26.3 Samples with CNVs in breast-related genes

Below is the plot showing the breast-related mutations as well as CNVs added

ttemp=CNVGRanges[which(CNVGRanges$call!=0)]
Bsamples=txRn6[which(txRn6$gene_id%in%c(RatBreastCosmic, OtherBreast))]
olaps=findOverlaps(Bsamples,ttemp)
ttemp$gene=NA
ttemp$gene[subjectHits(olaps)]=Bsamples$gene_id[queryHits(olaps)]
ttemp$NewID=sapply(ttemp$sample, function(x) Cdata$NewID[grep(x, Cdata$WGS)])

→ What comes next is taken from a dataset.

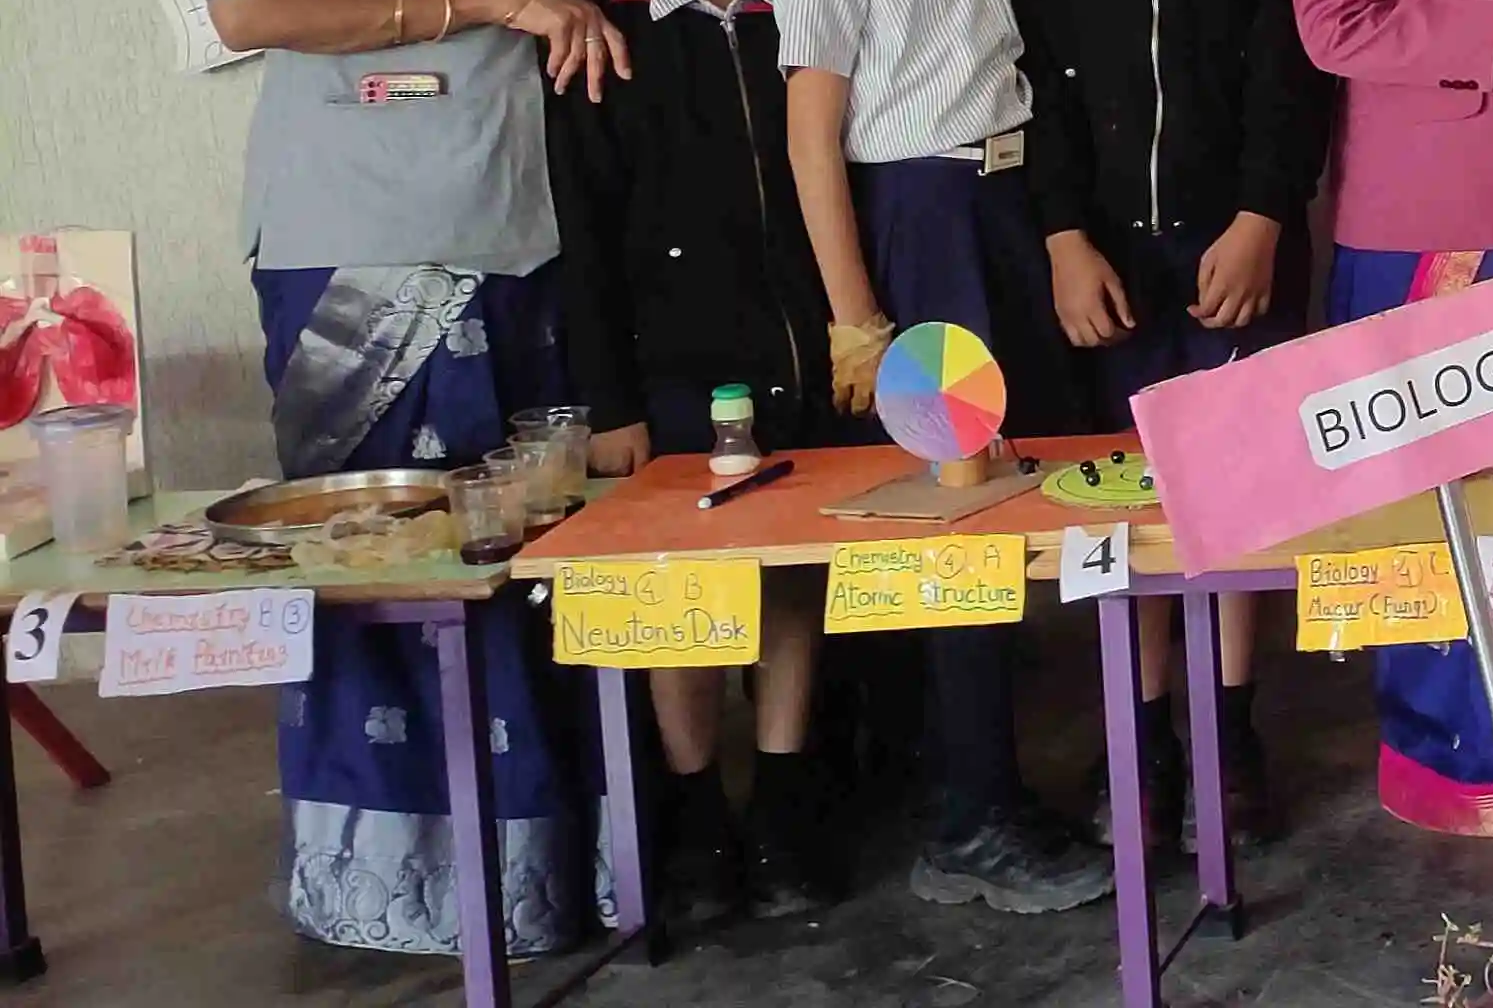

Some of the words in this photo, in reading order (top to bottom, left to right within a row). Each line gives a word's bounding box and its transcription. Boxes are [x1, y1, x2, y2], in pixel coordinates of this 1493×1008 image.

x1=which(!is.na(ttemp$gene))
l1=match(ttemp$gene[x1], colnames(X2b))
lnew=unique(ttemp$gene[x1[which(is.na(l1))]])
X2b=cbind(X2b, matrix(0, ncol=length(lnew), nrow=nrow(X2b)))
colnames(X2b)[(ncol(X2b)-length(lnew)+1):ncol(X2b)]=lnew
l1=match(ttemp$gene[x1], colnames(X2b))
l2=match(ttemp$NewID[x1], rownames(X2b))
for (i in 1:length(l1)){
  X2b[l2[i],l1[i]]=ifelse(ttemp$call[x1[i]]=="+", 5, 4)
}
l2=rowSums(sign(X2b))
l3=colSums(sign(X2b))
heatmap.2(X2b[order(l2),order(l3) ], col=c("white",  3:5, 2:1), scale="none", trace="none", sepcolor="grey85", colsep=c(1:ncol(X2b)), rowsep=c(1:nrow(X2b)), sepwidth=c(0.005, 0.005))

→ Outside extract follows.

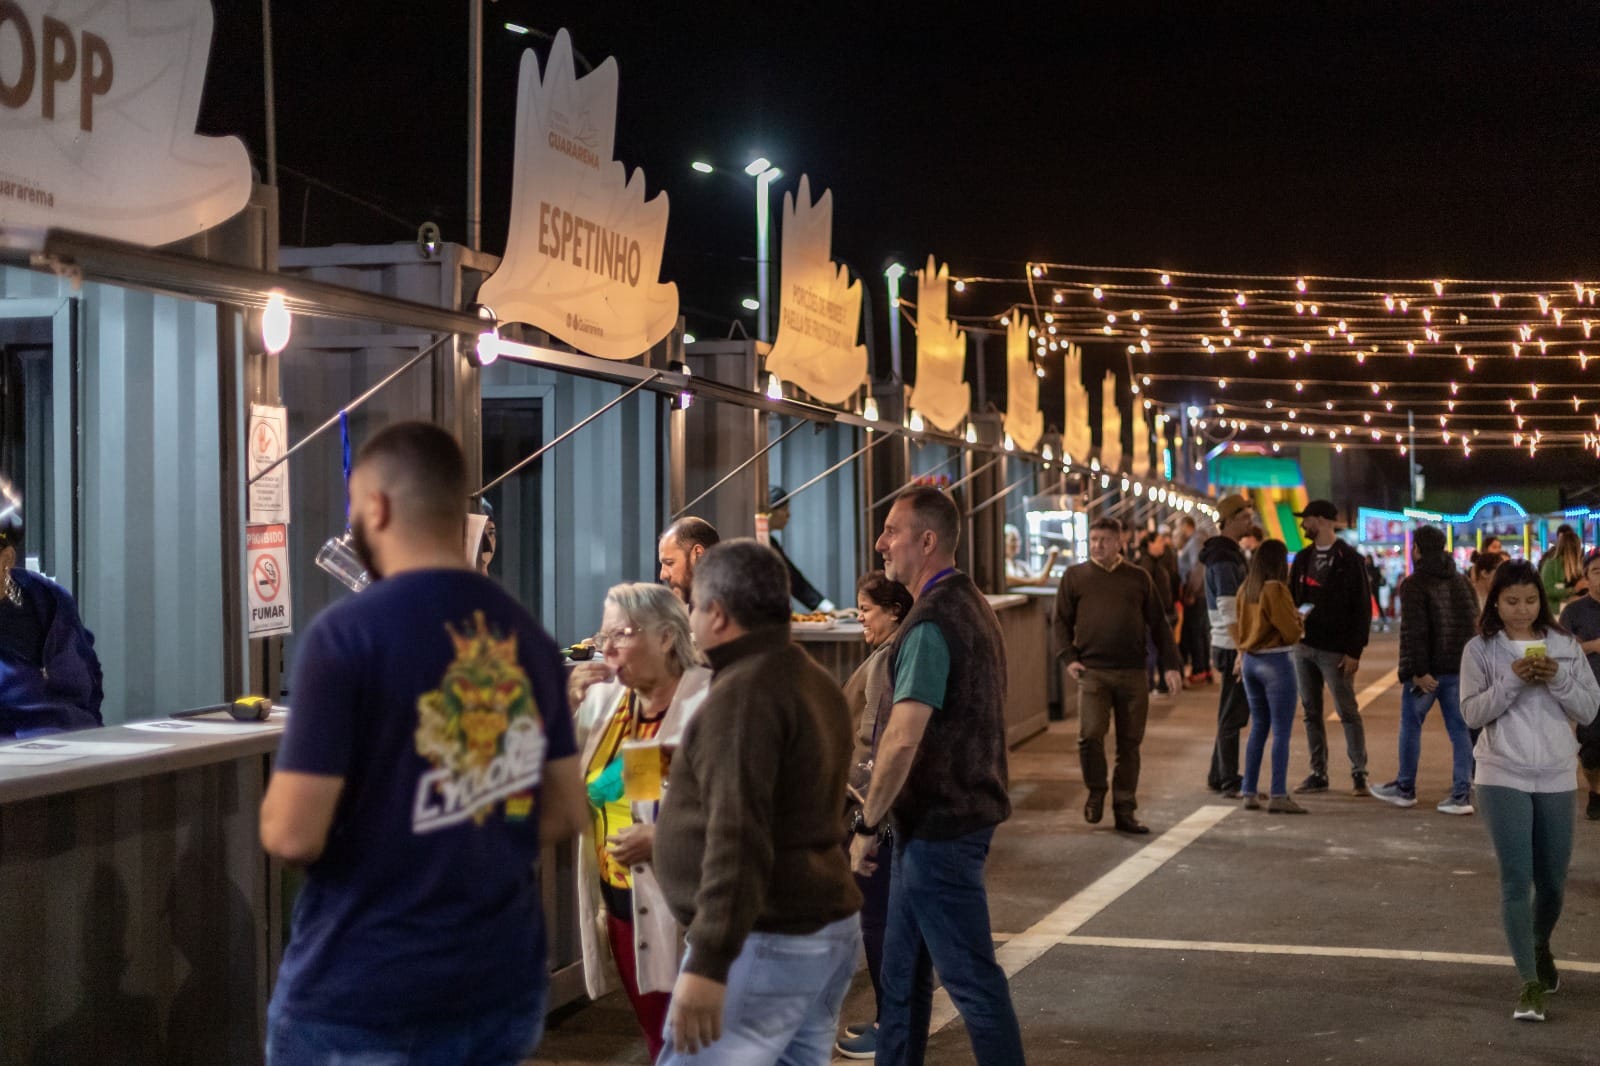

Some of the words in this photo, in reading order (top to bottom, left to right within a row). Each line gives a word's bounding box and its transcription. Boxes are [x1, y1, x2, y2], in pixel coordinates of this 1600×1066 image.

[0, 0, 113, 132] OPP
[538, 201, 641, 287] ESPETINHO
[247, 531, 284, 545] PROIBIDO
[252, 604, 285, 621] FUMAR

Matching the frequency data with genes

S1GR=GRanges(seqnames = Samp1$data$chromosome, ranges=IRanges(start=Samp1$data$start, end=Samp1$data$end))
olaps=findOverlaps(S1GR, txRn6)
Samp1$data$gene=NA
Samp1$data$gene[queryHits(olaps)]=txRn6$gene_id[subjectHits(olaps)]

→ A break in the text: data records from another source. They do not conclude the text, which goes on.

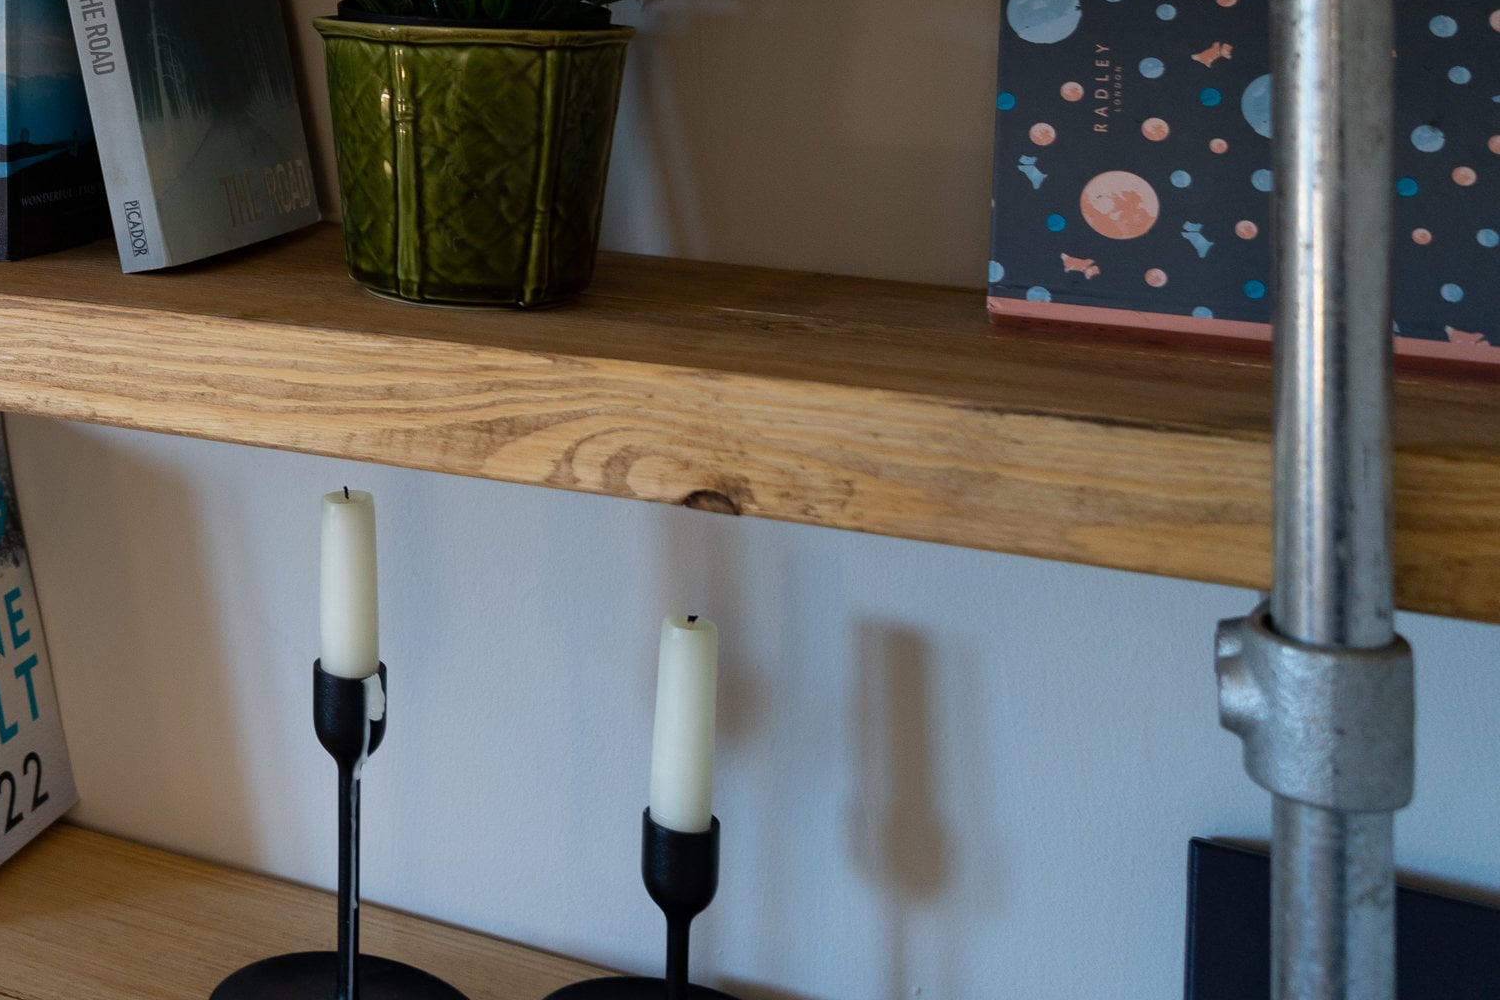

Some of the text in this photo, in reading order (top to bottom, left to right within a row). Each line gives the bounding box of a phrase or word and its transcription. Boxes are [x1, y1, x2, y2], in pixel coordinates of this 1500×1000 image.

[83, 24, 115, 76] ROAD
[1093, 41, 1109, 134] RADLEY
[1114, 65, 1123, 112] LONDON
[219, 159, 311, 229] THE ROAD
[123, 199, 148, 258] PICADOR

gid=unique(na.omit(Samp1$data$gene))
Tabix=matrix(0, nrow=length(gid), ncol=2)
rownames(Tabix)=gid

for (i in gid){
  m1=Samp1$data[which(Samp1$data$gene==i), ]
  Tabix[i, ]=colMedians(data.matrix(m1[ , 7:8]))
  
}


rownames(Tabix)=toupper(rownames(Tabix))

Tabix=Tabix[order(rownames(Tabix)), ]
Tabix=Tabix[-which(rowSums(Tabix)==0), ]

lx=match( names(rGene2), rownames(Tabix))

df2=data.frame(mut=rGene2, gain=Tabix[ lx,1], loss=Tabix[lx, 2])

lx2=match(rownames(Tabix), names(rGene2))

df3=data.frame(mut=0, gain=Tabix[which(is.na(lx2)),1], loss=Tabix[which(is.na(lx2)),2])

dfAll=rbind(df2, df3)

#mx=which(rownames(dfAll)%in%AllCosmic$Gene.Symbol)
dfAll[which(is.na(dfAll), arr.ind=T)]=0
dfAll=dfAll*100
dfAll[ ,3]=dfAll[ ,3]*(-1)
dfAll$gene=rownames(dfAll)

dfAll=dfAll[ ,c(4, 1:3)]
mx=which(dfAll$gene%in%AllCosmic$Gene.Symbol)
write.table(dfAll[mx, ], file="nature-tables/outputs_pathway_map_cosmic.txt", quote = F, row.names = F, sep="\t")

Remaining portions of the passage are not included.